> **Directions for this task**:
Each line from the one with "this 1200×1600 image." through the last line below must be written out exactly. Do not copy pictures.

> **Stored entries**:
○ ○ ○ ○

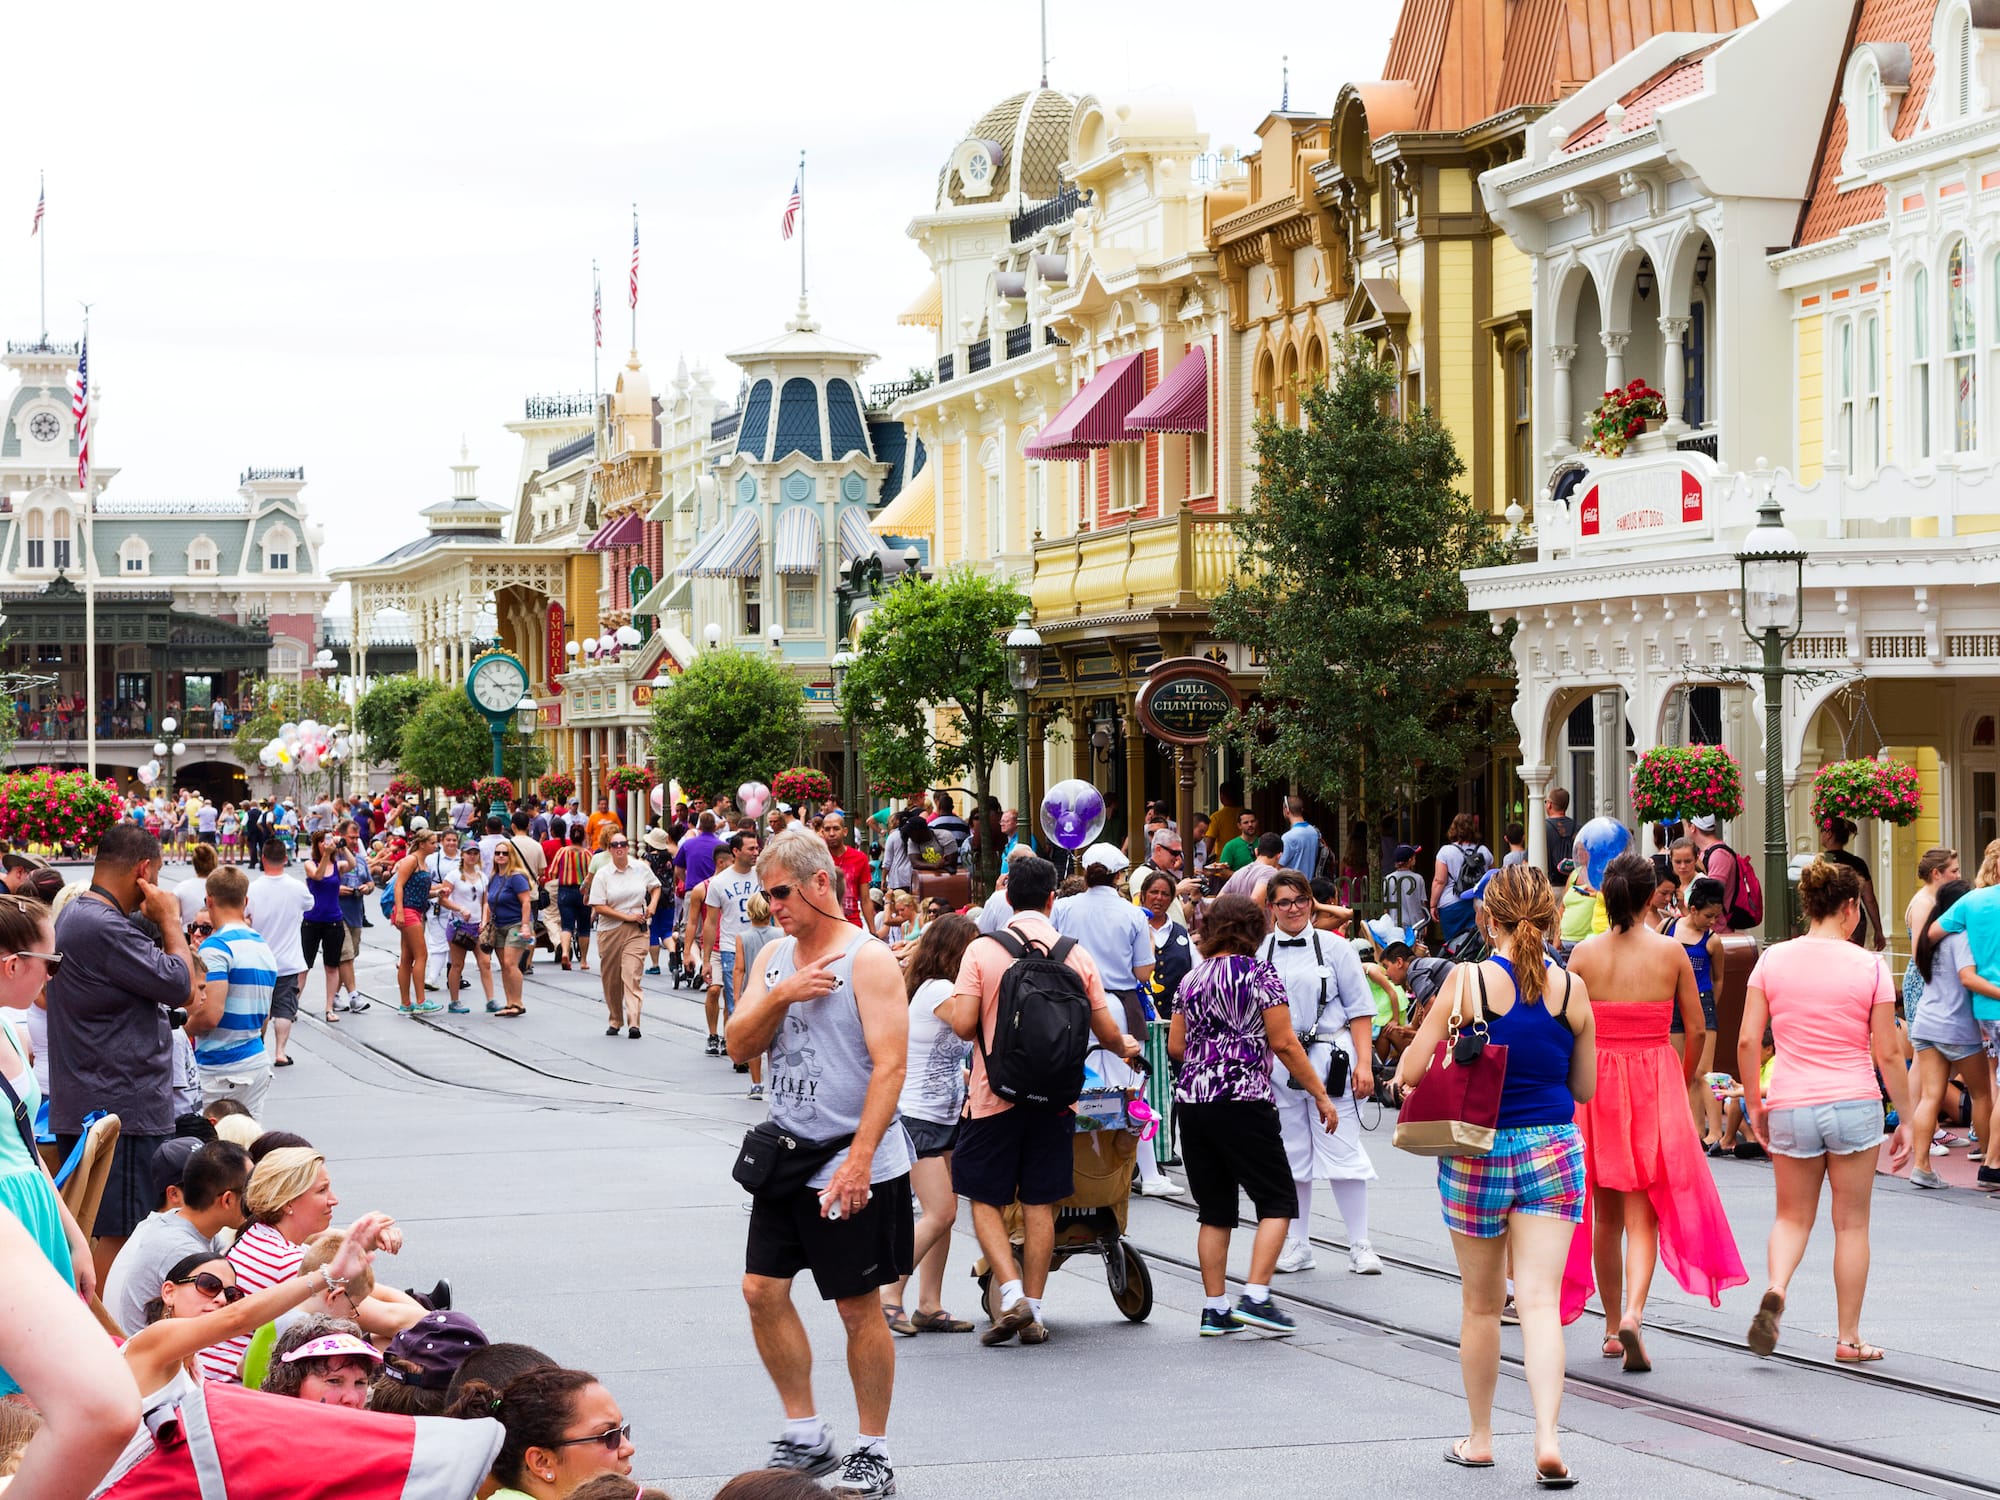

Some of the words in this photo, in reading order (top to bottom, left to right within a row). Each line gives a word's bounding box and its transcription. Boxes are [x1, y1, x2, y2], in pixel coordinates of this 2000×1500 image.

[1617, 511, 1637, 531] FAMOUS
[1638, 509, 1649, 528] HOT
[1649, 509, 1664, 526] DOGS
[1175, 684, 1208, 694] HALL
[1154, 701, 1228, 712] CHAMPIONS
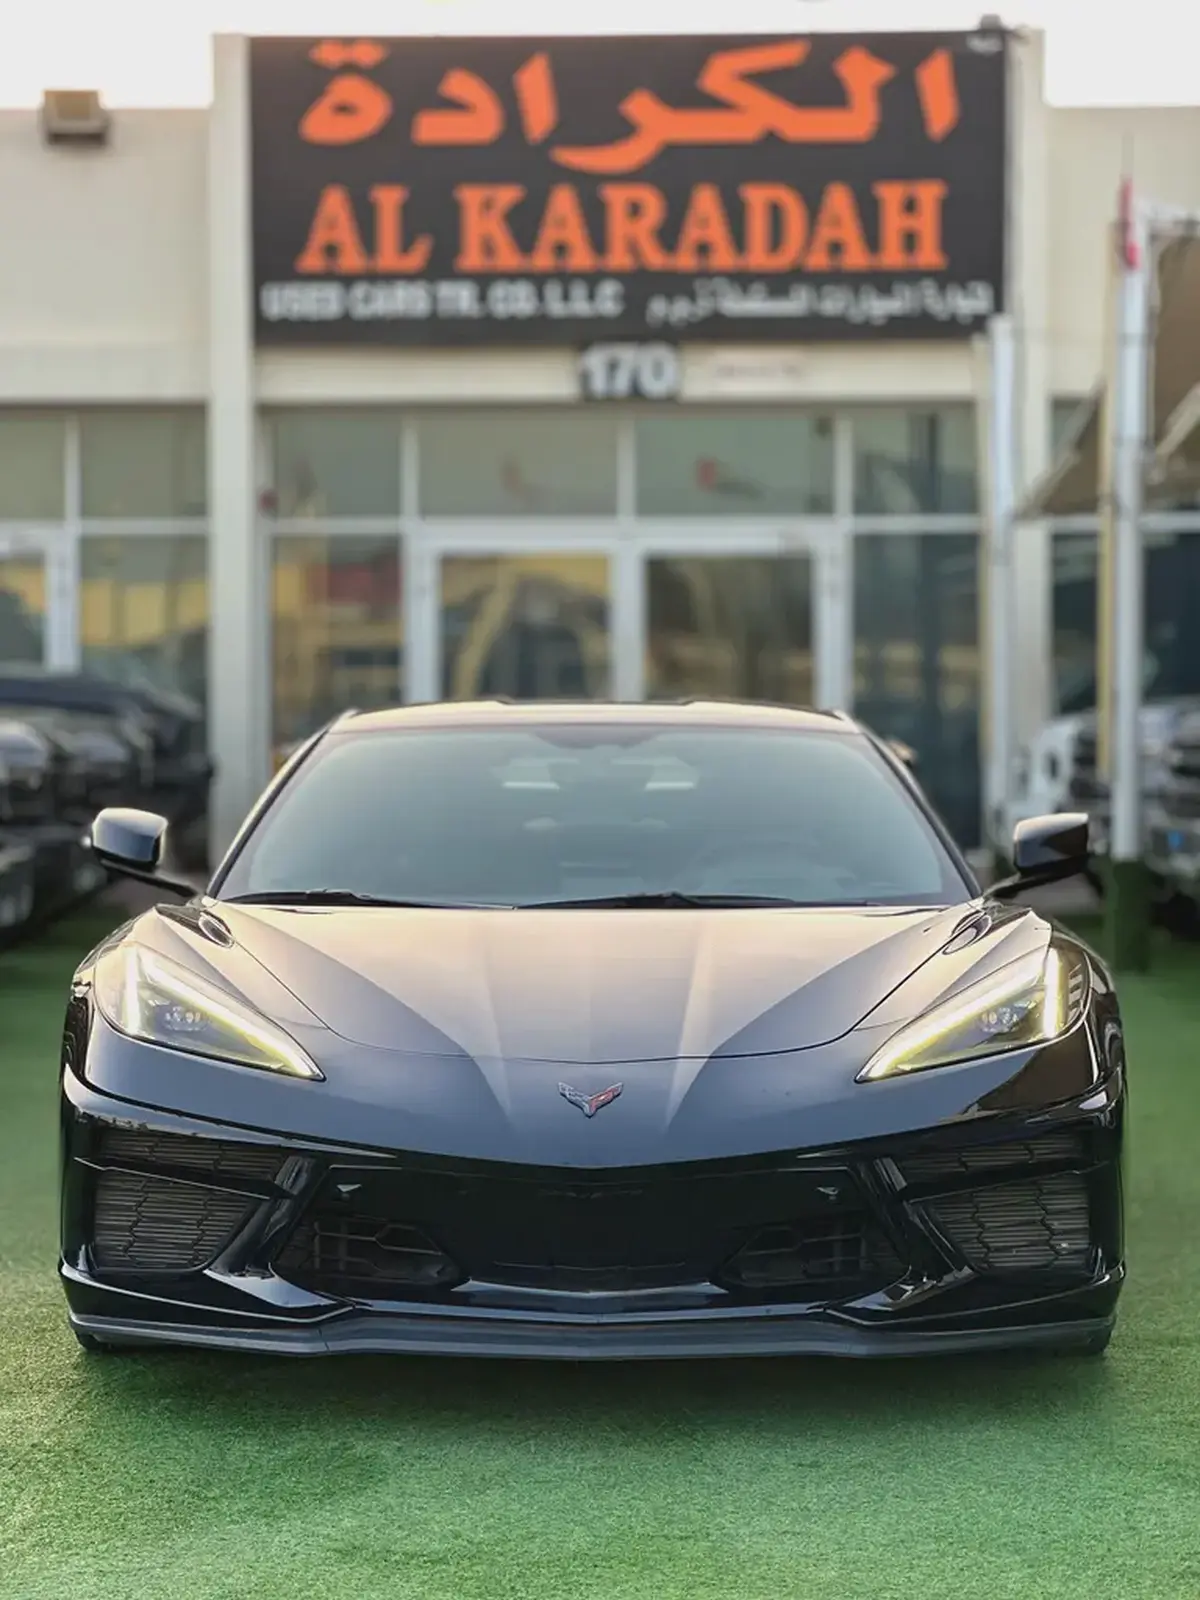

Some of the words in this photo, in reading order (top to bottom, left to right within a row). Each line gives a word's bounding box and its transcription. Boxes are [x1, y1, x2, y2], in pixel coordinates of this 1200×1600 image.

[299, 39, 959, 173] الكرادة
[296, 184, 432, 272] AL
[455, 180, 948, 272] KARADAH
[581, 342, 678, 398] 170
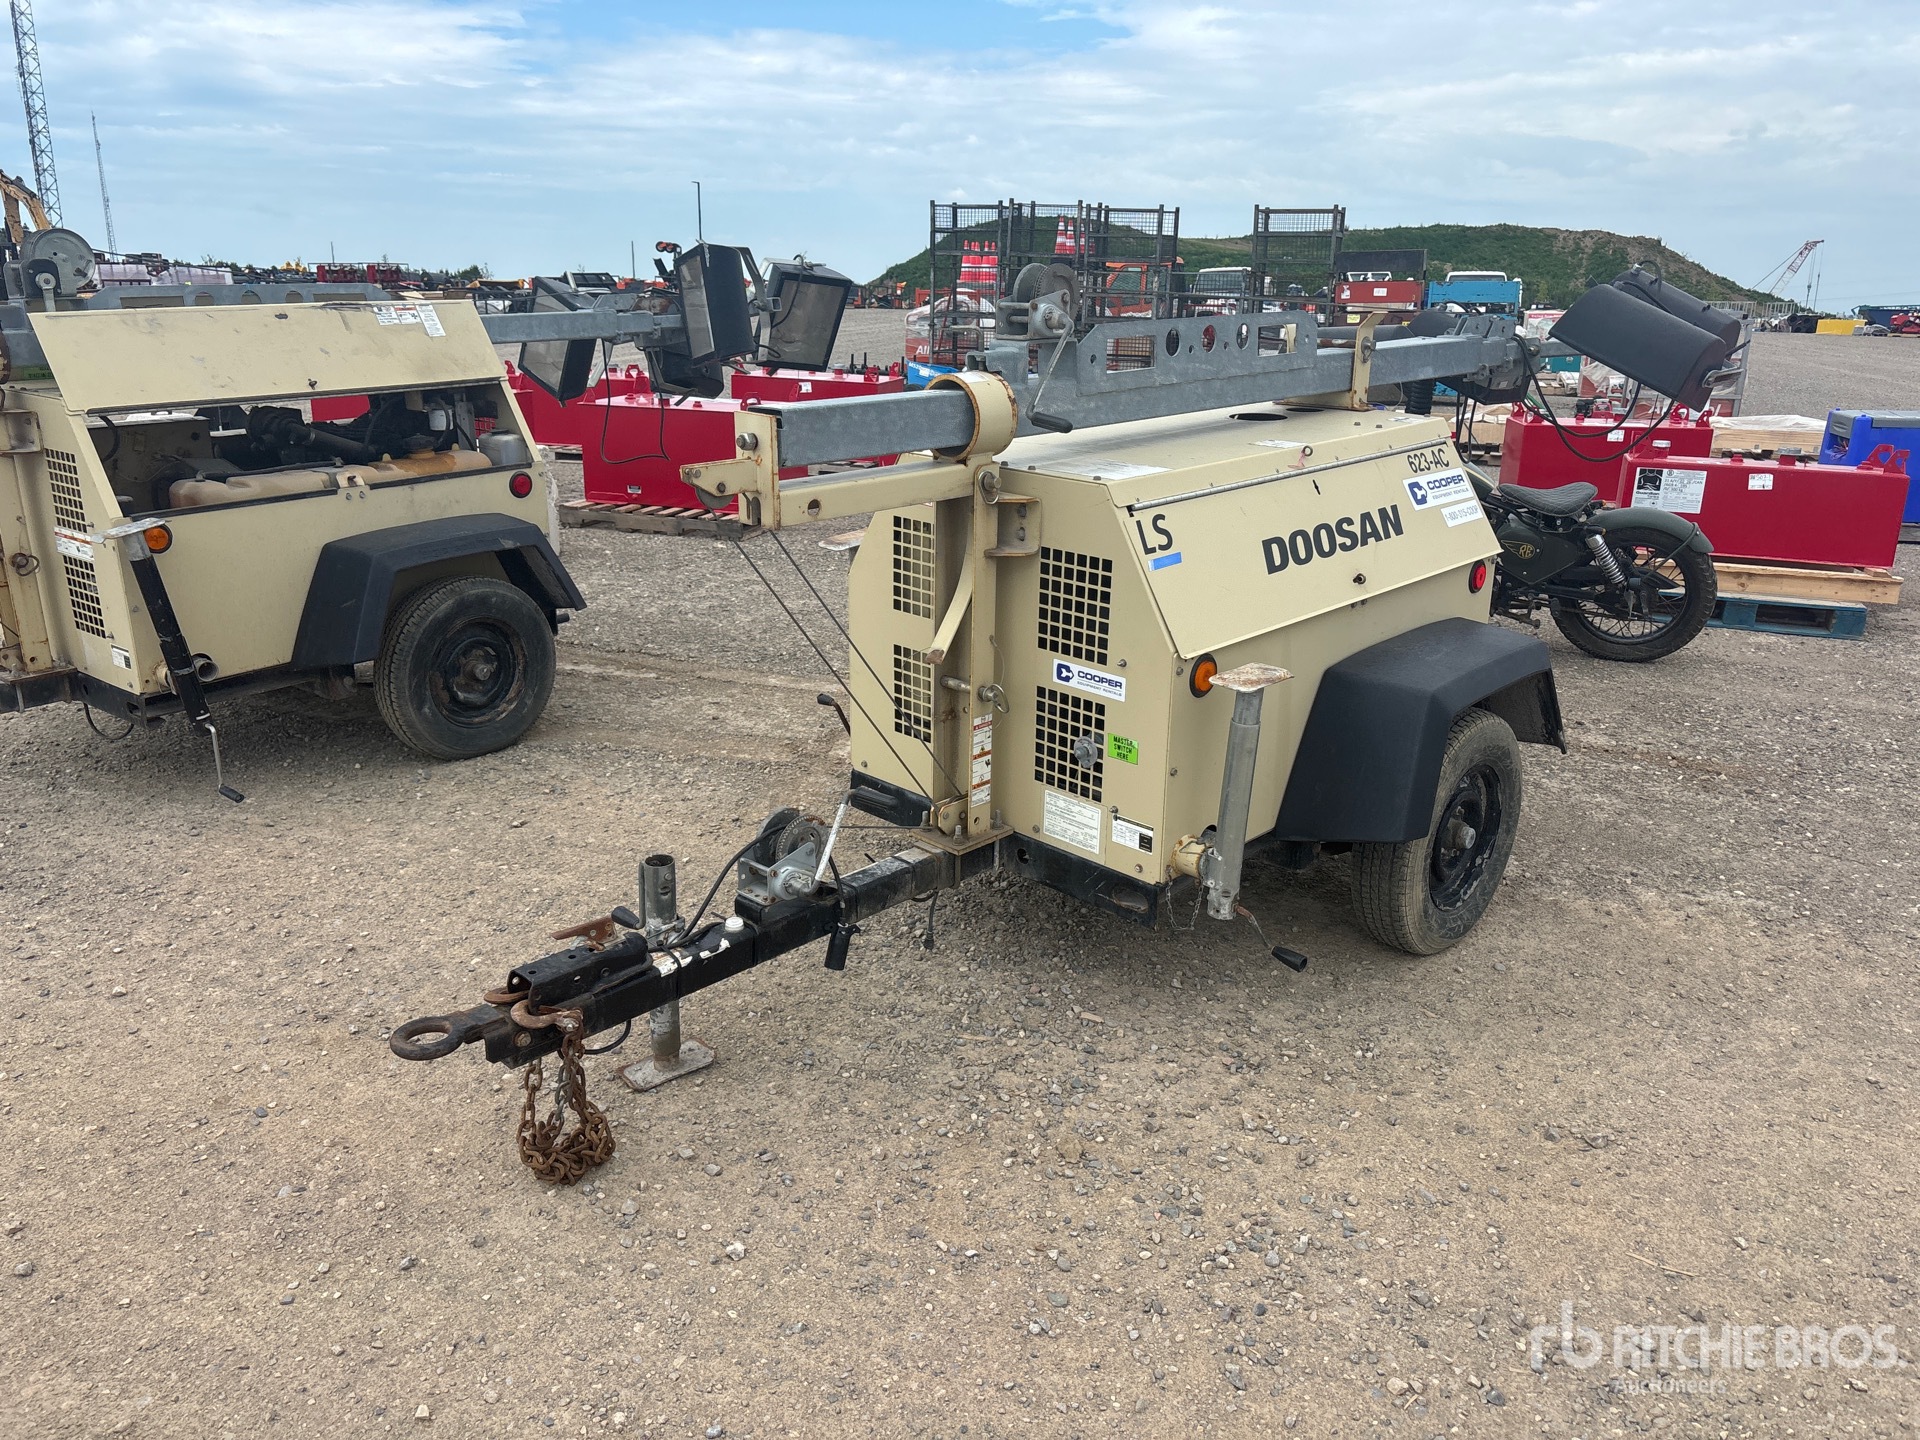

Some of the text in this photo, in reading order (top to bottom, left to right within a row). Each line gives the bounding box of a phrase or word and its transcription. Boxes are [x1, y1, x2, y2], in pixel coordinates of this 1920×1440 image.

○ ○ ○ ○

> **Output for this exercise**:
Some of the words in this photo, in reading order (top to bottom, left to right within a row). Each line gives a word's bounding box and its transcription. Boxes are [x1, y1, x2, y2], in pixel coordinates of this 1200×1600 image.

[299, 39, 959, 173] الكرادة
[296, 184, 432, 272] AL
[455, 180, 948, 272] KARADAH
[581, 342, 678, 398] 170

Some of the text in this photo, in reading order (top to bottom, left to right within a row). Each line gives the bounding box of a phrase or word and its transcription. Boxes are [x1, y1, x2, y2], in pixel coordinates of this 1920×1440 image.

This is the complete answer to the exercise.